(DIRECTIONS FOR THIS TASK) If a record holds a picture, leave the picture out, but write out everything else exactly.

(DATA PROVIDED)
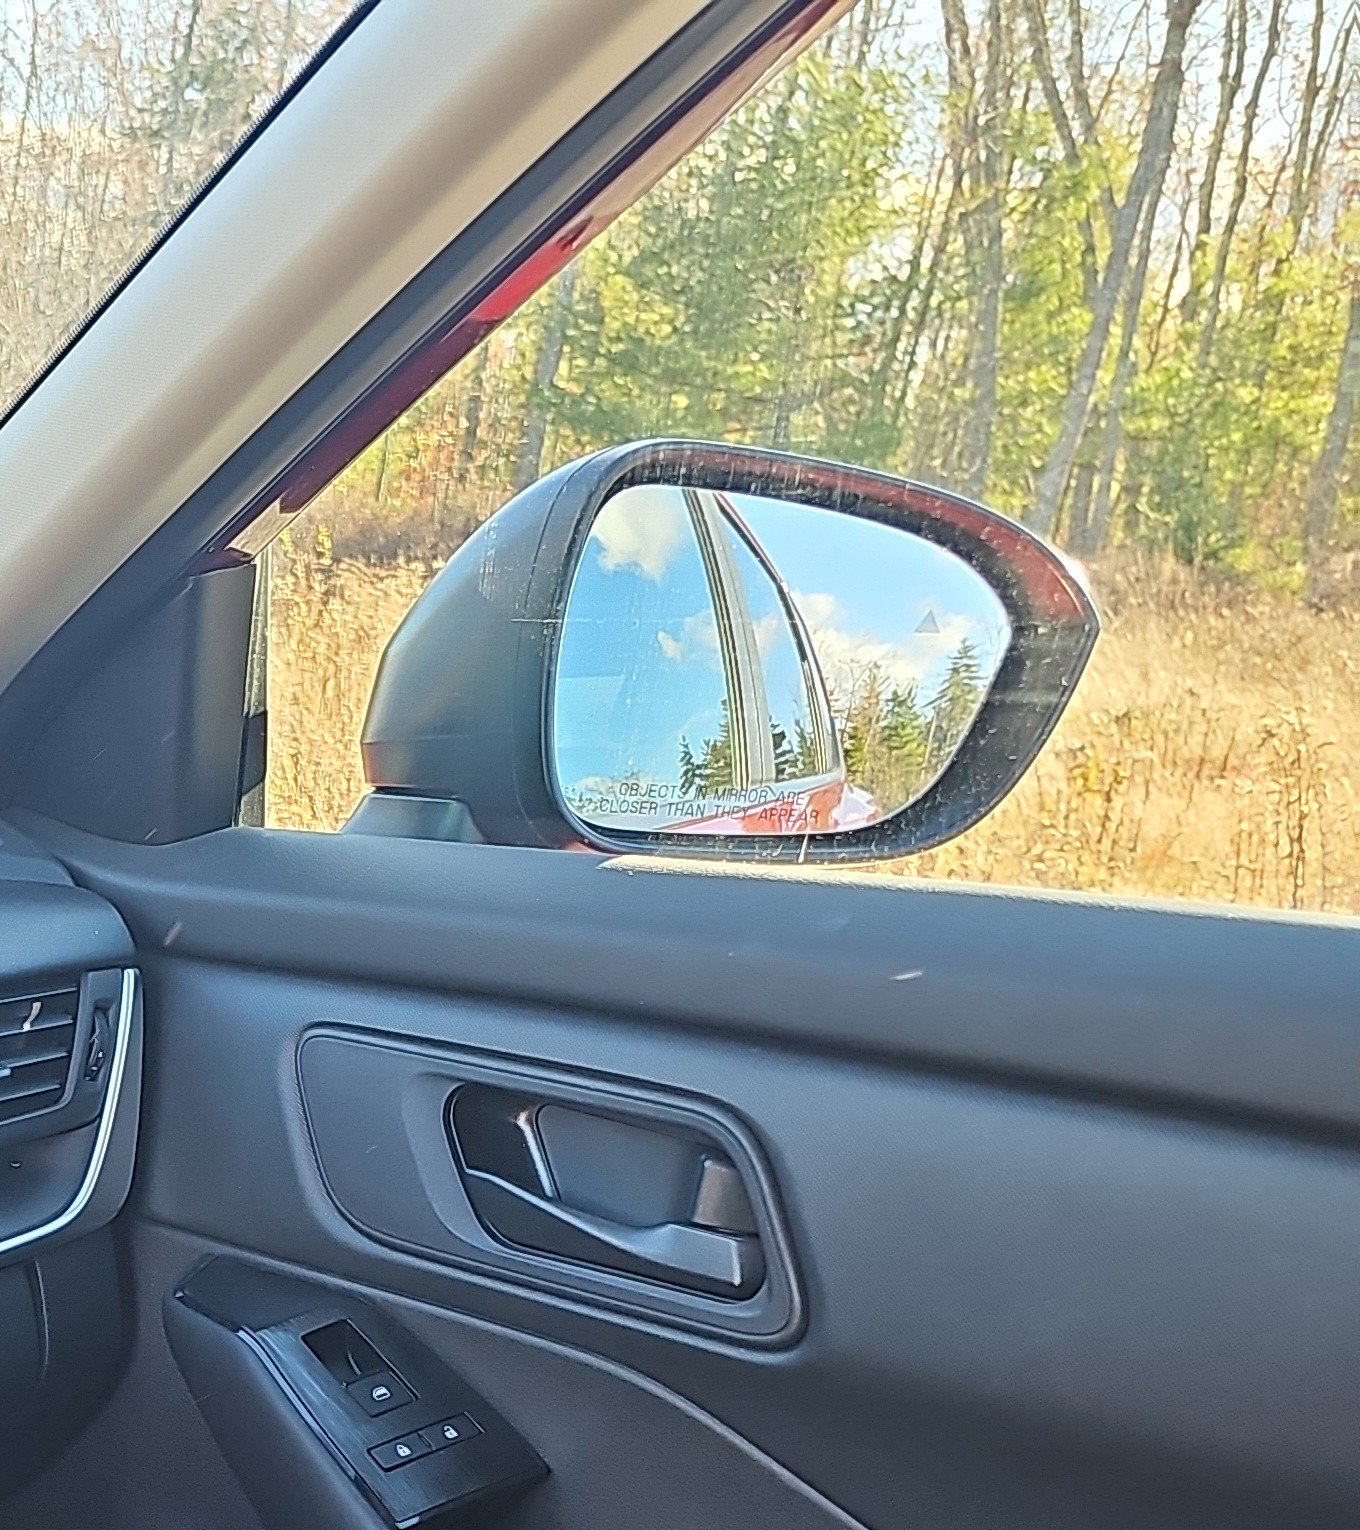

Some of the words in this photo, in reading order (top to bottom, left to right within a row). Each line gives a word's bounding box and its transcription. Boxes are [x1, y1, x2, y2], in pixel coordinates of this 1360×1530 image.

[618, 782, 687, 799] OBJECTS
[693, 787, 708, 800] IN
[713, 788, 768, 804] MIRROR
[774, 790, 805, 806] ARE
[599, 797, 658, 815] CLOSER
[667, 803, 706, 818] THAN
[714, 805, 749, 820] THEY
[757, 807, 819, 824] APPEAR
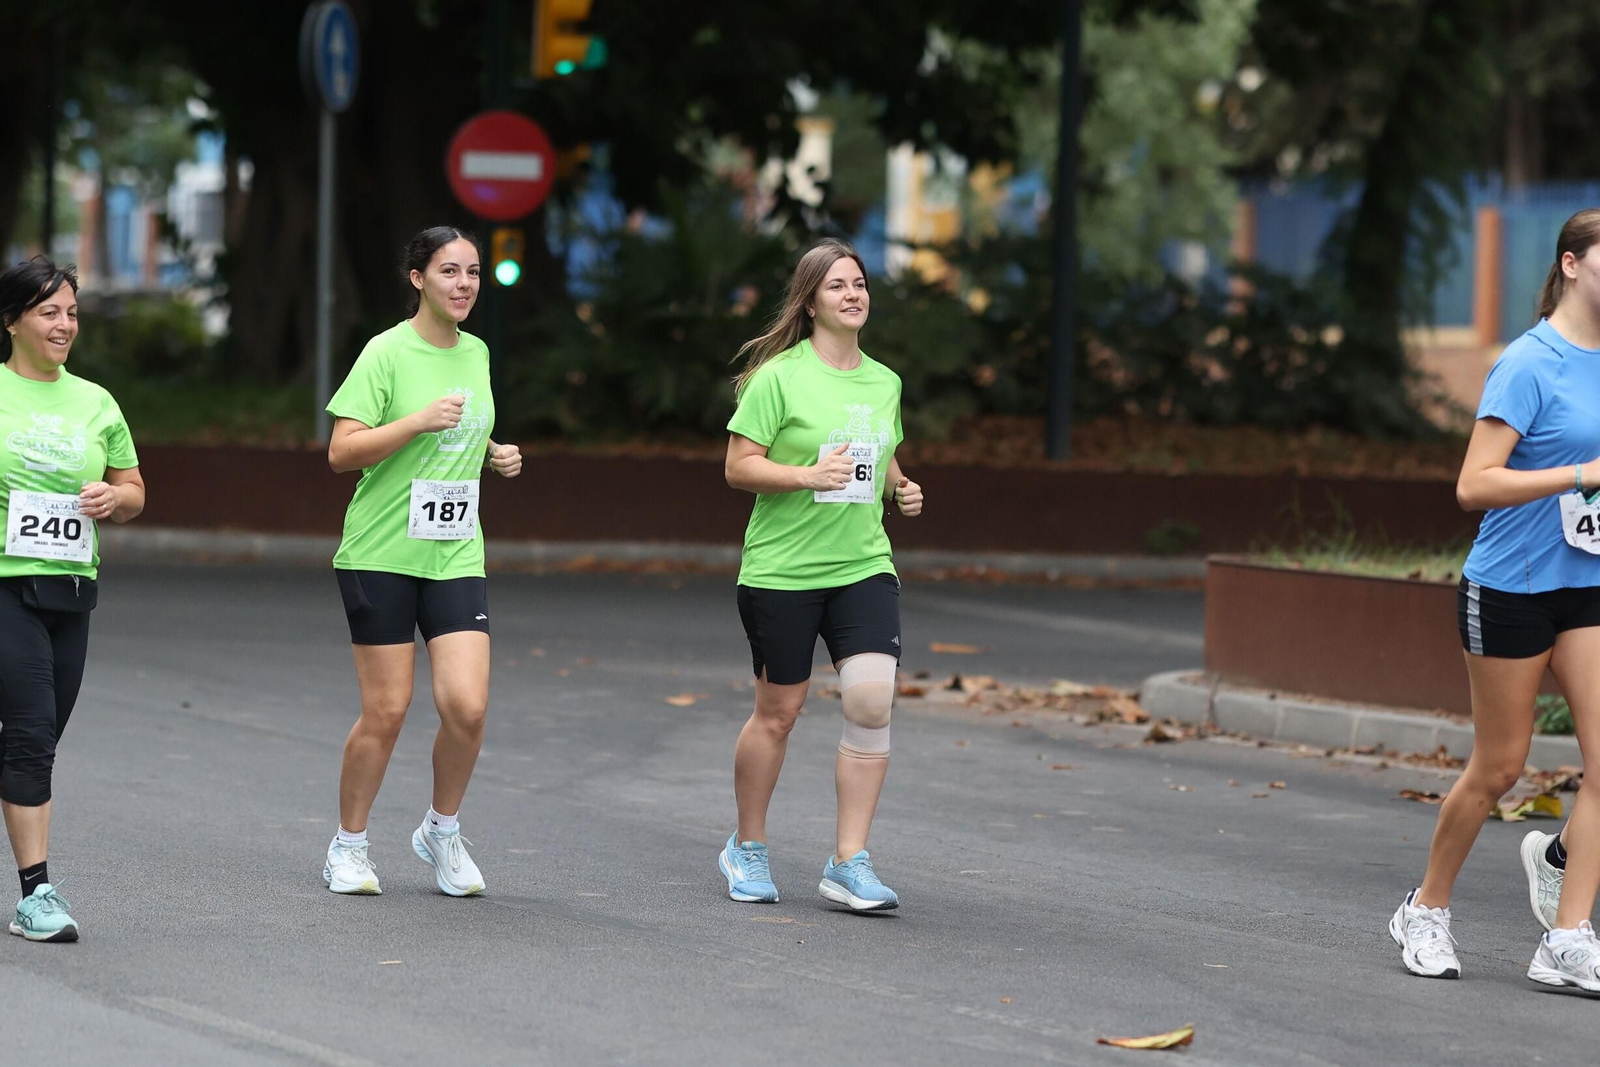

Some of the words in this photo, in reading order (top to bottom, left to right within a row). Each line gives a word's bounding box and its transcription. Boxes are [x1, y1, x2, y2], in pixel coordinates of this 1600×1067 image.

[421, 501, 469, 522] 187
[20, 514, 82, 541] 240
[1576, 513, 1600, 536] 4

(THE ANSWER)
Some of the words in this photo, in reading order (top to bottom, left to right within a row). Each line gives a word's bounding box and its transcription. Boxes are [x1, y1, x2, y2], in pixel coordinates of this 1360×1530 image.

[618, 782, 687, 799] OBJECTS
[693, 787, 708, 800] IN
[713, 788, 768, 804] MIRROR
[774, 790, 805, 806] ARE
[599, 797, 658, 815] CLOSER
[667, 803, 706, 818] THAN
[714, 805, 749, 820] THEY
[757, 807, 819, 824] APPEAR

Some of the words in this photo, in reading order (top to bottom, left to right within a row). Each line gives a word's bounding box and its transcription. Boxes are [x1, y1, x2, y2], in pixel coordinates of this 1600×1067 image.

[421, 501, 469, 522] 187
[20, 514, 82, 541] 240
[1576, 513, 1600, 536] 4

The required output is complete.